During six months of treatment, Christou approached chemotherapy the same way he approached starting a company, like a marathon of sprints, each with a finite cycle and each week filled with data points. He had completed a 25-month mandatory military service in Cyprus at the age of 18 and put that experience to good use as well. It was said that he was going to be a good soldier. Trust the process. Six cycles. Get over it.

He used his Whoop at all times and found it remarkably accurate in predicting the days when his immune system would bottom out, sometimes signaling them before symptoms arrived. He kept a symptom diary using voice transcription, recording every shift, every side effect, every medication and countermedication. He narrowed his focus to three variables: sleep, nutrition and, above all, psychology. (“It moves the needle more than anything,” Christou said. “I never asked ‘why me,’ not once. That question has no useful answer.”)

He fed everything – blood results, scan data, handheld results, diary entries – to Claude. He’s not the only one turning to chatbots for medical guidance. TO public opinion survey published in March found that a third of American adults now use them for health information and advice. He stories Accumulated online data suggests that, for some patients, AI is delivering what the system was unable to.

Experts urge caution; Danielle Bitterman, clinical leader of data science and artificial intelligence at Mass General Brigham, told the New York Times in recent months that general-purpose chatbots are frequently wrong and “have not been thoroughly evaluated” for personalized diagnoses.

Christou does not disagree. “It didn’t replace doctors,” he says, but “it helped me ask the right questions.”

For a condition as rare as his (one that an oncologist might see once a year), access to a model that had absorbed the entire body of medical literature was, he says, simply not the same as a Google search.

The model was critical at the end of the treatment. His final PET scan (the image used to detect active disease) was ambiguous. His oncologist began discussing a second line of therapy, potentially radiation therapy, near his heart and lungs. It was an alarming event.

Christou went back to doing his homework. He read that for this specific lymphoma, the false-positive rate on PET scans at the end of treatment is around 60%, a statistic that still surprises him. “We are in 2026,” he says. “Sixty percent.”

He introduced Claude to his three PET scans and his MRI, which pointed out a known but easily overlooked phenomenon: in patients under 40 recovering from this type of lymphoma, the thymus gland can reactivate after chemotherapy, appearing on images as what appears to be active disease. Given his age and specific scanning characteristics, the model places the probability of that explanation at approximately 90%.

He sought three more opinions. The fourth doctor confirmed it: thymus rebound. There was no active disease. No radiotherapy was necessary. He was clear.

Christou is still reeling off what the last year has meant for his health, the way he works, and the way he thinks about time. He built Keragon, his current company, before any of this happened; is an artificial intelligence-powered platform that helps medical offices automate their administrative operations.

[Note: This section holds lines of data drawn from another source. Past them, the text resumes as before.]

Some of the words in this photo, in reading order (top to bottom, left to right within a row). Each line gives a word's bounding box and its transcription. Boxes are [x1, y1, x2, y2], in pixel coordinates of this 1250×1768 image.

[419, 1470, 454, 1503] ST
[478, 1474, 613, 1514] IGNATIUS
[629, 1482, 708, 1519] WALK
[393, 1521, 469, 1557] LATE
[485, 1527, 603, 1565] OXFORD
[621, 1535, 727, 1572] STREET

But going through the system as a patient has given him a new perspective. He observed nurses and doctors buried in tasks that had nothing to do with care. She received the same chemotherapy protocol as an 80-year-old woman, and side effects were controlled by a cascading chain of additional medications, each causing its own problems. He says he is sure we will remember this era of treatment and shame.

Now he takes Sundays off, especially. Try to be present: at lunch with friends, at home with your dog, in conversations that once would have seemed like a distraction from work. A VC friend told him something years ago that he said he kept repeating during treatment: Be happy now. He says it’s one of the hardest things to do, and yet he finally appreciates its importance.

He says he would be happy to talk to anyone going through something similar to share notes and compare experiences. It seems like he means it.

“This won’t happen in 10 years,” he says of what AI can already do for patients who want to use it. “It’s happening today.”